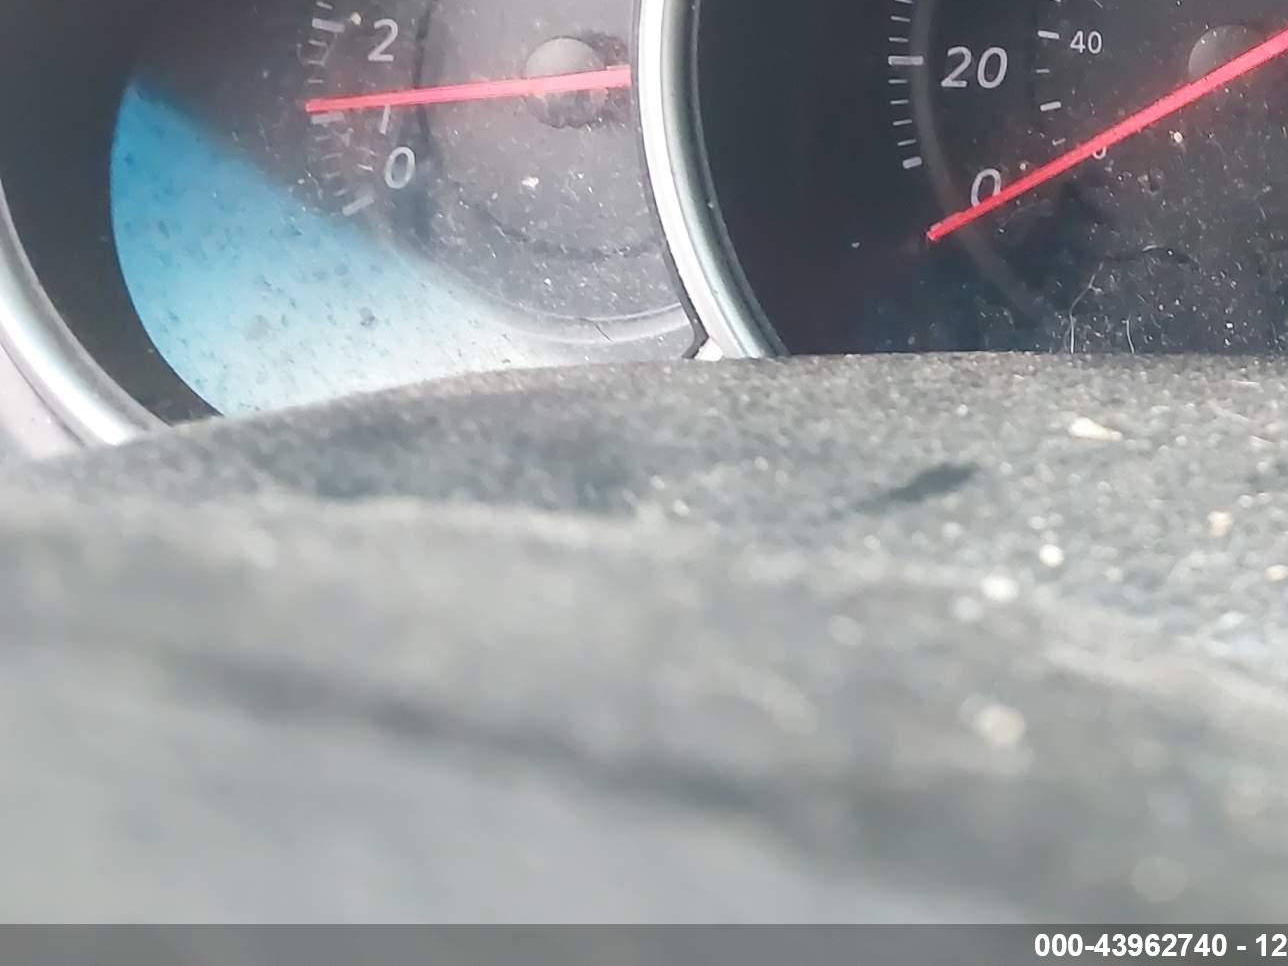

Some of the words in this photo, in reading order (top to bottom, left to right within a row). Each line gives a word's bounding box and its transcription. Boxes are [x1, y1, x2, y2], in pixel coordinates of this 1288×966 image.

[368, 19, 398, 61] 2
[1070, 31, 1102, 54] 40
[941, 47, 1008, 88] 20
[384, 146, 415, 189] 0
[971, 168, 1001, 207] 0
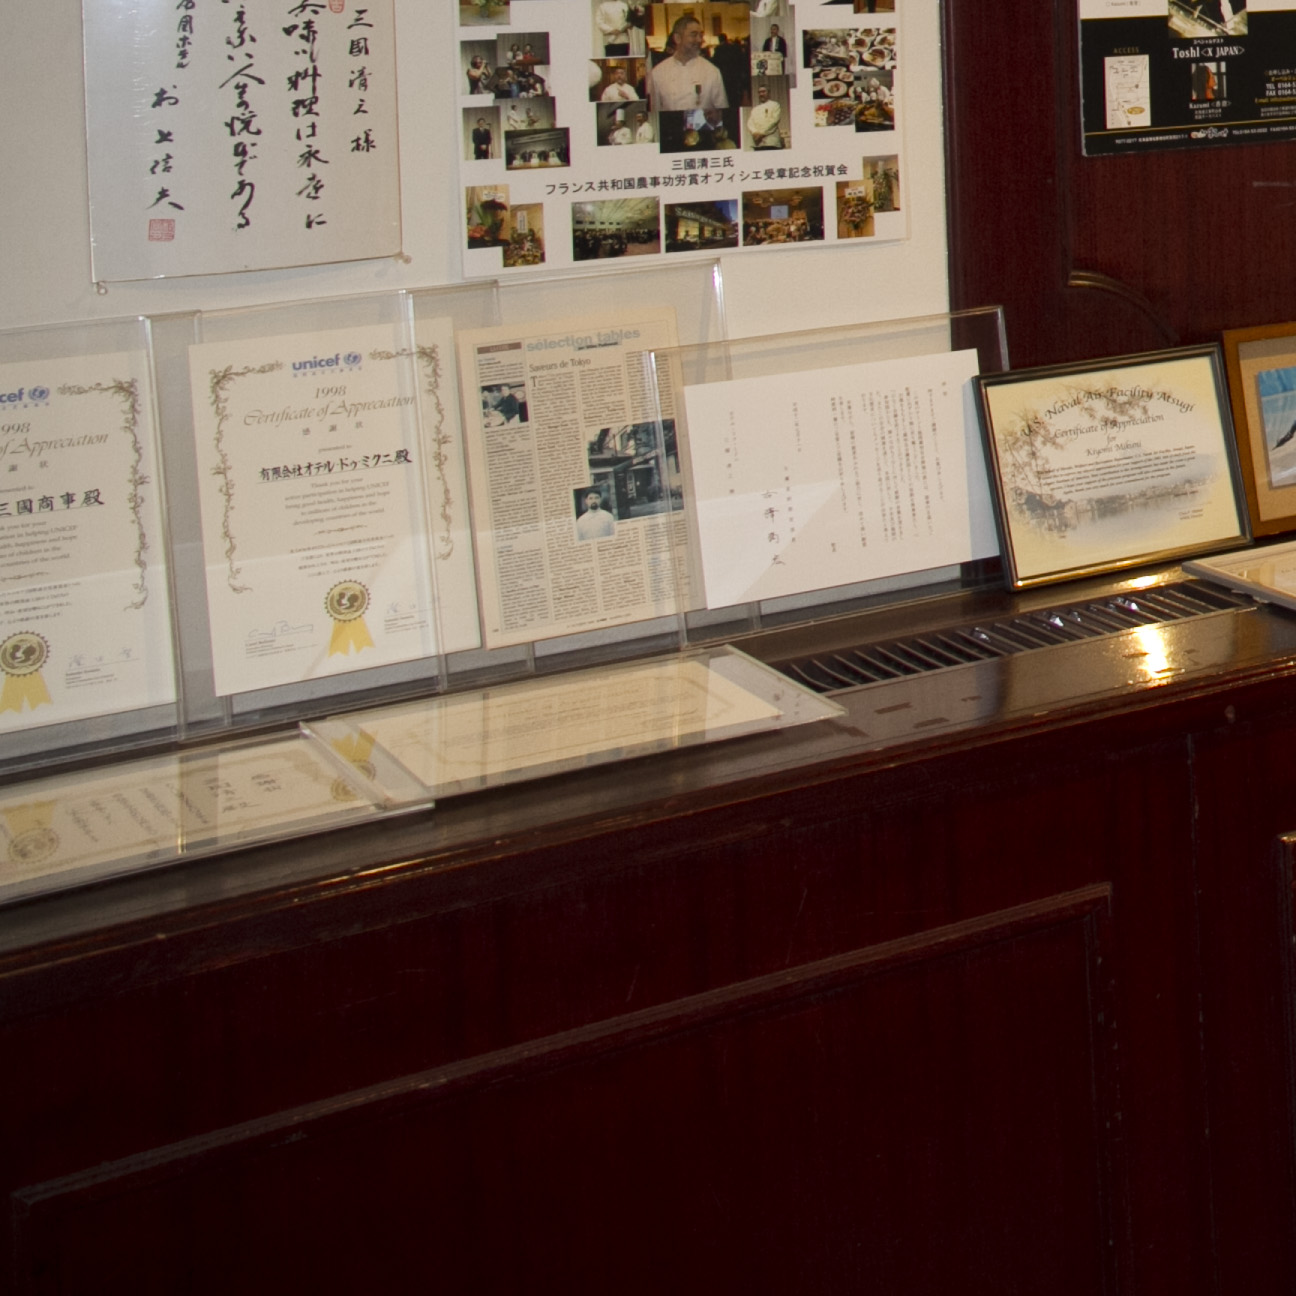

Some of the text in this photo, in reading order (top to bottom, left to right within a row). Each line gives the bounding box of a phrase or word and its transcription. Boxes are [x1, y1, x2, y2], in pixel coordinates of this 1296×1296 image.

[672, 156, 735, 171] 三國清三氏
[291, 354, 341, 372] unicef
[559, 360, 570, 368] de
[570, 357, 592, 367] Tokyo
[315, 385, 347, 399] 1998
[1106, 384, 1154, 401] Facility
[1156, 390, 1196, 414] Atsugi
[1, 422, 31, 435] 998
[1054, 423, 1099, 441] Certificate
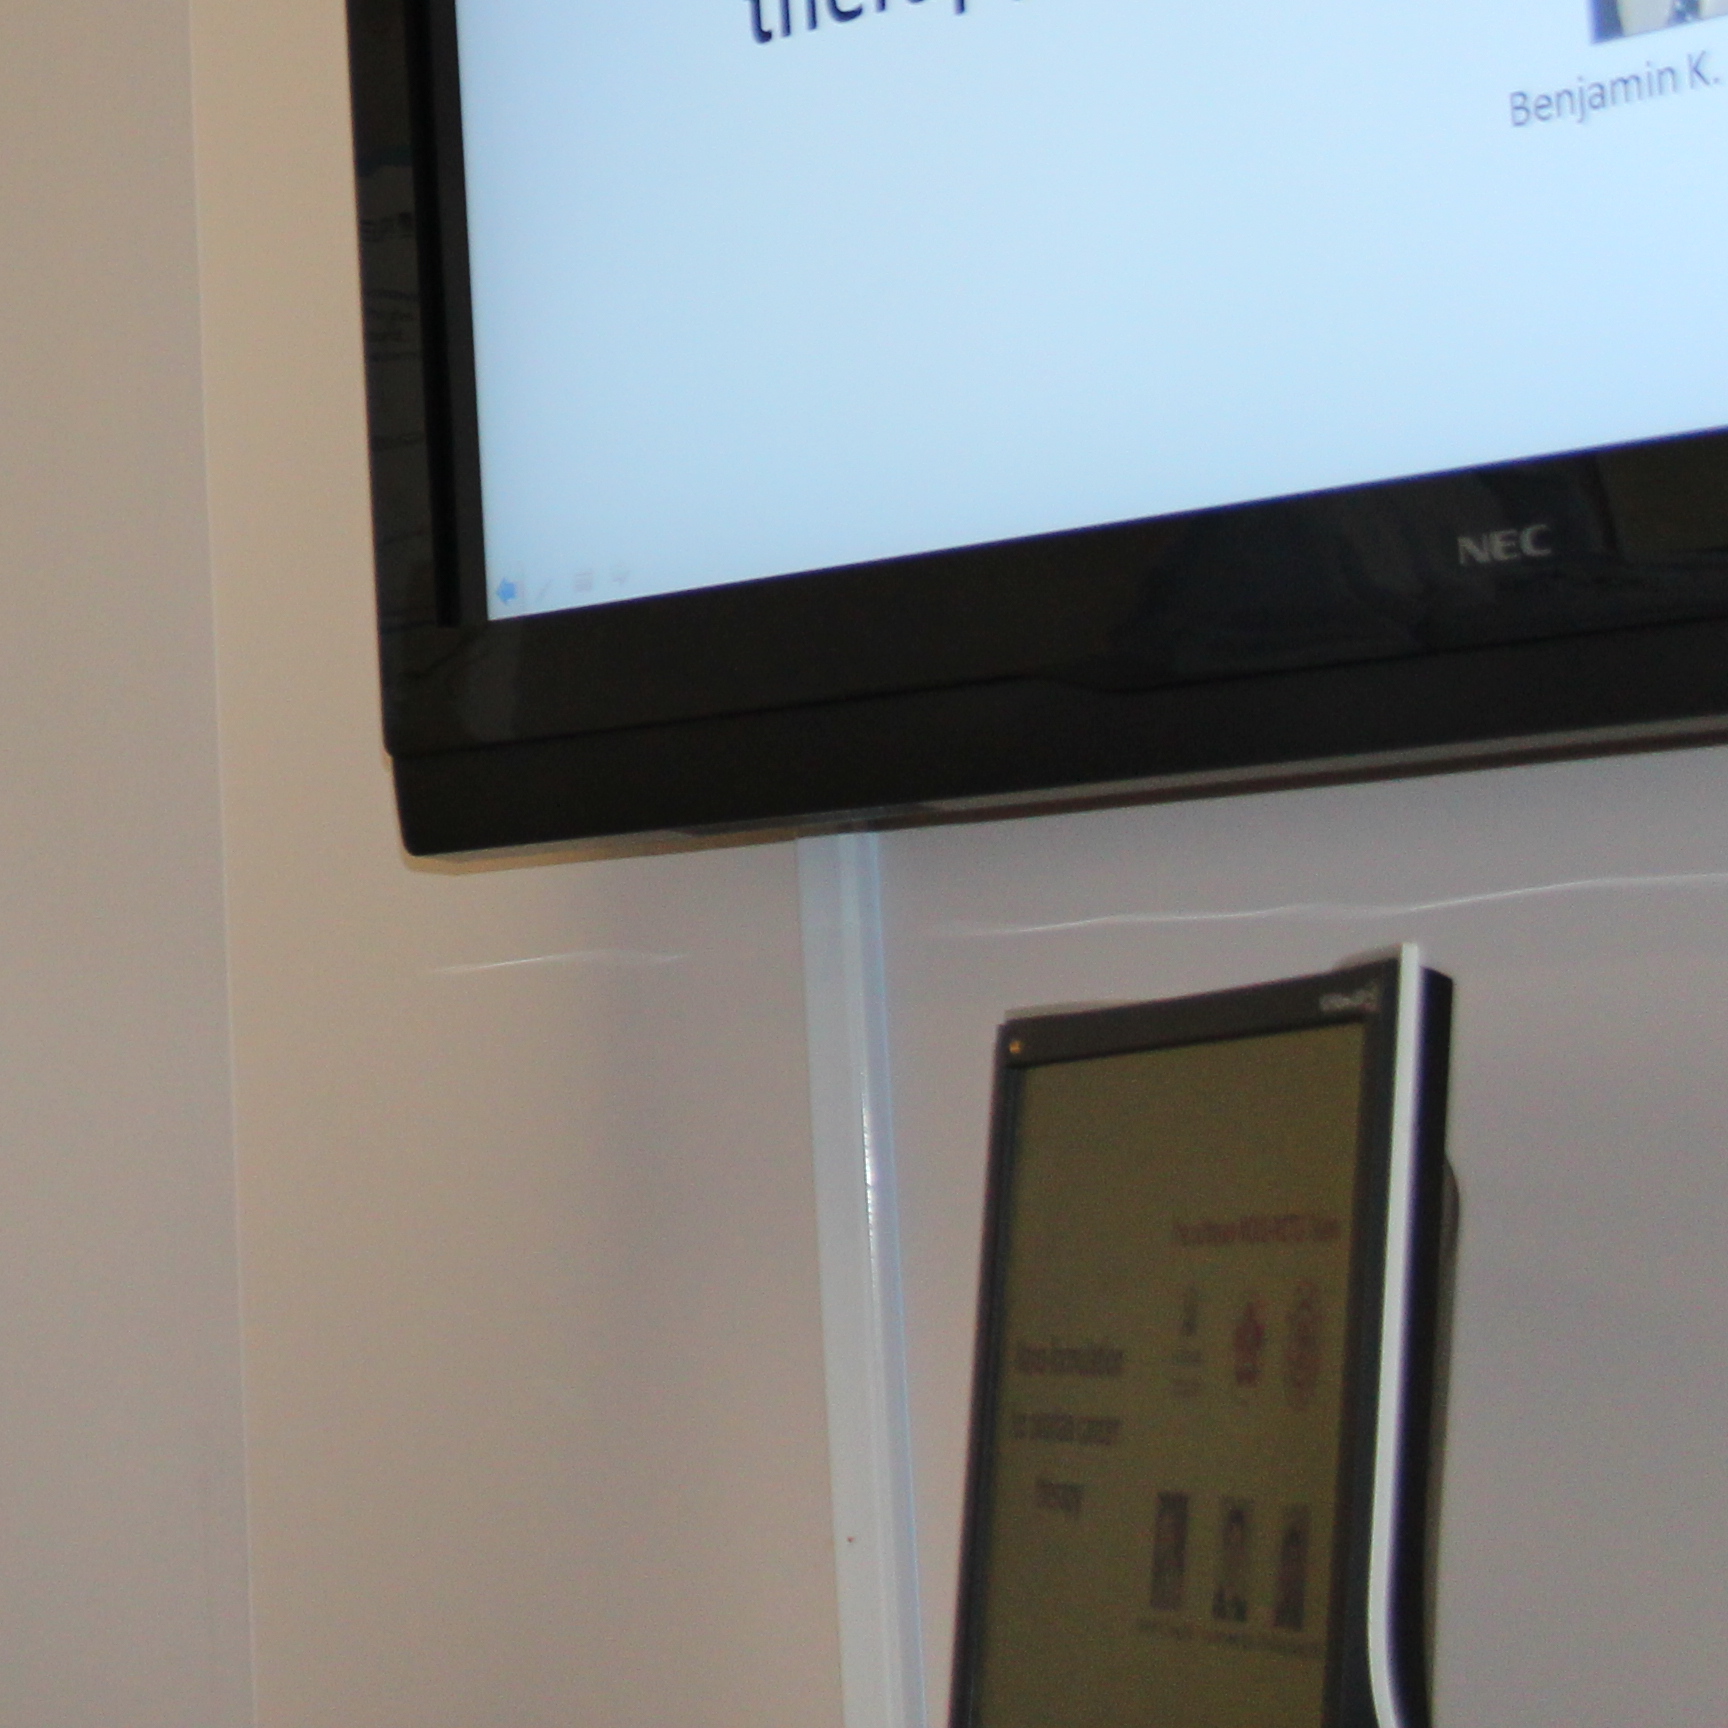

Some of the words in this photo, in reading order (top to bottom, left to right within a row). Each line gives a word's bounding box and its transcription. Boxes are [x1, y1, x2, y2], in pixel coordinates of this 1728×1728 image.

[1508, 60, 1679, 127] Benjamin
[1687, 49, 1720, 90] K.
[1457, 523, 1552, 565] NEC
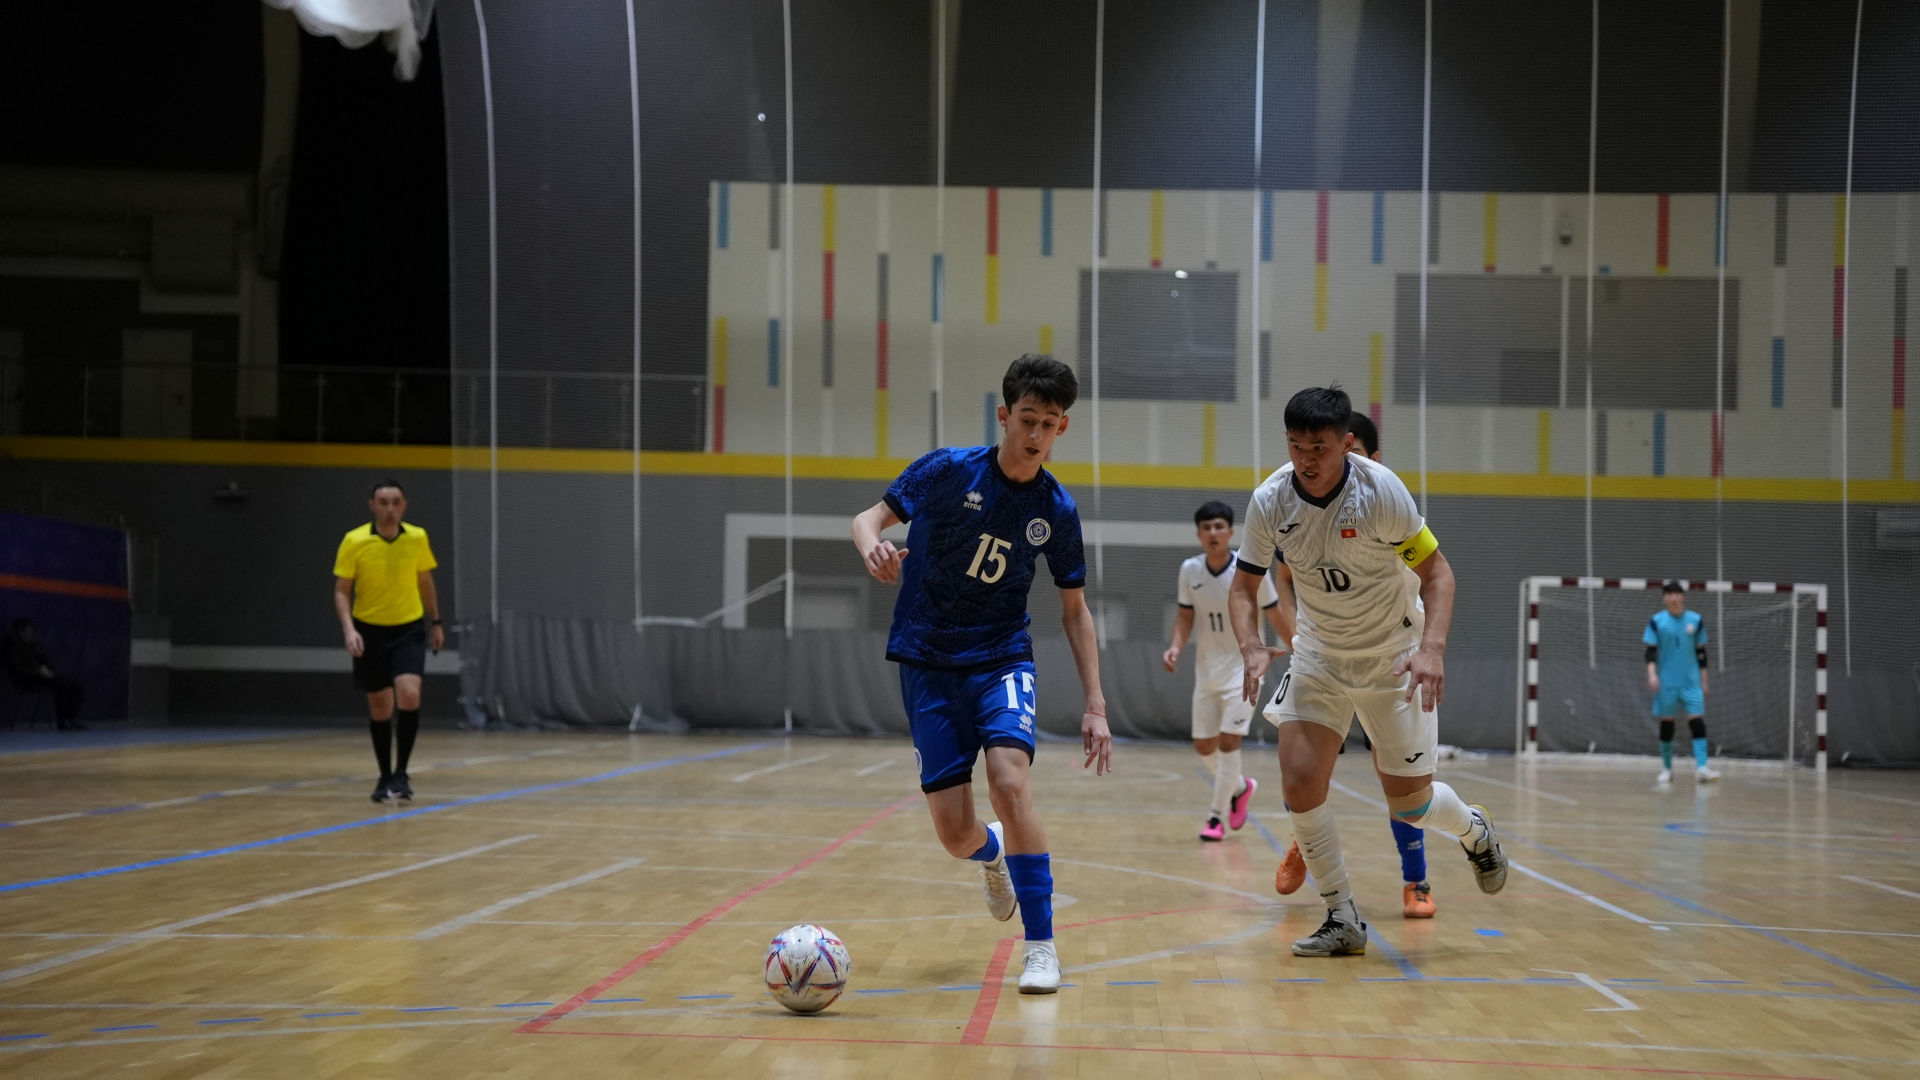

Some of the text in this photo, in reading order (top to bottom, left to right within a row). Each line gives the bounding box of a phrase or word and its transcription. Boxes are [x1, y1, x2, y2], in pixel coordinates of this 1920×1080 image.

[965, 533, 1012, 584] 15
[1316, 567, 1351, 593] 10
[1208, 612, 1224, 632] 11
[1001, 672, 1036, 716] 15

▶ _Task brief_
The response should reproduce all the material above exactly and leave out its pictures.

▶ _Result of this task_
Some of the words in this photo, in reading order (top to bottom, left to right within a row). Each line gives a word's bounding box and its transcription. Boxes are [x1, y1, x2, y2], in pixel coordinates of this 1288×966 image.

[368, 19, 398, 61] 2
[1070, 31, 1102, 54] 40
[941, 47, 1008, 88] 20
[384, 146, 415, 189] 0
[971, 168, 1001, 207] 0

Some of the text in this photo, in reading order (top to bottom, left to right within a row). Each line gives the bounding box of a phrase or word and its transcription. Boxes are [x1, y1, x2, y2], in pixel coordinates of this 1296×1296 image.

[672, 156, 735, 171] 三國清三氏
[291, 354, 341, 372] unicef
[559, 360, 570, 368] de
[570, 357, 592, 367] Tokyo
[315, 385, 347, 399] 1998
[1106, 384, 1154, 401] Facility
[1156, 390, 1196, 414] Atsugi
[1, 422, 31, 435] 998
[1054, 423, 1099, 441] Certificate

Some of the words in this photo, in reading order (top to bottom, left to right within a row). Each line gives a word's bounding box and its transcription. Boxes are [x1, y1, x2, y2], in pixel coordinates of this 1728×1728 image.

[1508, 60, 1679, 127] Benjamin
[1687, 49, 1720, 90] K.
[1457, 523, 1552, 565] NEC

Some of the text in this photo, in reading order (top to bottom, left to right within a row). Each line gives the bounding box of a phrase or word and its transcription. Boxes are [x1, y1, x2, y2], in pixel coordinates of this 1920×1080 image.

[965, 533, 1012, 584] 15
[1316, 567, 1351, 593] 10
[1208, 612, 1224, 632] 11
[1001, 672, 1036, 716] 15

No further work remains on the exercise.